3. This heavenly conversation doth more honour God in the world; when we carry ourselves as men of another world, we do the better convince them of the reality of our profession and hopes. By your serious diligence you condemn the world: Heb. xi. 7, ‘Noah condemned the world.’ Make the world wonder: 1 Peter iv. 4, ‘They think it strange you run not with them into the same excess of riot.’ Awaken the world to think of God: 2 Thes. i. 11, 12, ‘Wherefore we pray always for you, that God would count you worthy of his calling, and fulfil all 157the good pleasure of his goodness, and the work of faith with power: that the name of the Lord Jesus Christ may be glorified in you.’ Christ is glorified and you rewarded.

But what is this heavenly conversation? When we so believe as to prize it, so prize it as to seek after it in the first place.
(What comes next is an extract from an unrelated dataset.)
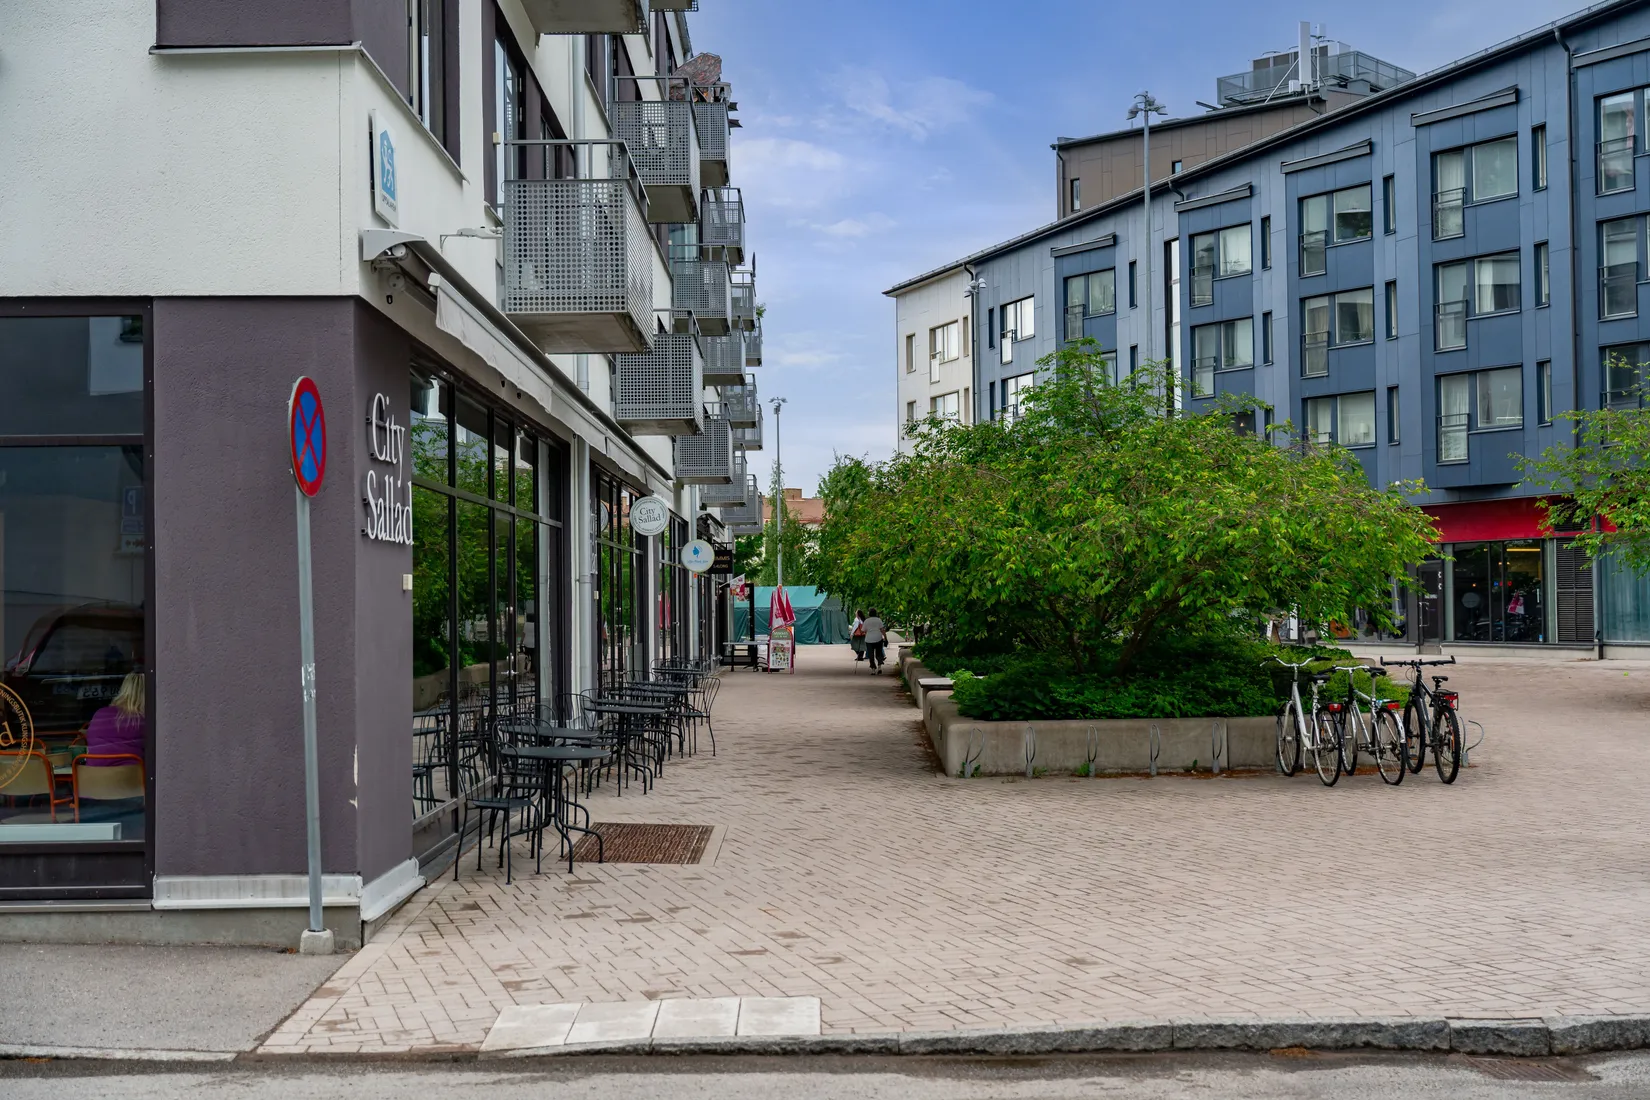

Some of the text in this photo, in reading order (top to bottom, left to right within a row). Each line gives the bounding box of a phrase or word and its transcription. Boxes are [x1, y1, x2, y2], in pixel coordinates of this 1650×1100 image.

[1.] Do we believe it? Surely they that are drowned in the cares of the world and voluptuous living have no sense of the world to come. That is known by mortification rather than confident presumption: 1 John v. 4, 5, ‘And this is the victory that overcometh the world, even our faith. Who is he that overcometh the world, but he that believeth that Jesus is the Son of God?’

[2.] Do we prize and esteem it? for nothing is sought and laboured for but what is prized. Do we prize it, not with a speculative, but practical esteem? Rom. ii. 18, ‘Thou approvest the things that are excellent.’ The practical esteem is that which draweth our hearts. Is it our treasure? Mat. vi. 19, ‘Lay up treasure in heaven.’ Do you esteem it comparatively above all other things? Mat. xiii. 45, 46, ‘Sell all to buy the pearl of great price.’ All is nothing in comparison of this blessed estate. Do you esteem it copulatively, cross and crown, means and end? Ps. cvi. 24, ‘They despised the pleasant land, and believed not his word;’ Phil. iii. 11, ‘If by any means I may attain unto the resurrection of the dead.’

[3.] Do you seek it? What do you do for it? Our great business in this life is seeking after heaven. Many would be glad their souls might be saved at last, but we cannot believe they are in earnest. Where is that seeking, watching, striving, working, that serious diligence, those lively endeavours, that conscionable care for obtaining so great a benefit? What! seek it, and have no heart to pray for it, hear and meditate of it? Alas! for seeking, watching, working, striving, men are as far from these as they are like to be from heaven itself.

[4.] Do you seek it in the first place, so that all other works and labours are but by the by and subordinate to this? Alas! how can you say so, when religion is looked upon by the by, and you are out of your element when you are employed in the duties of it? You cannot endure to be long held to prayer, or hearing the word; your hearts are not suited to these things.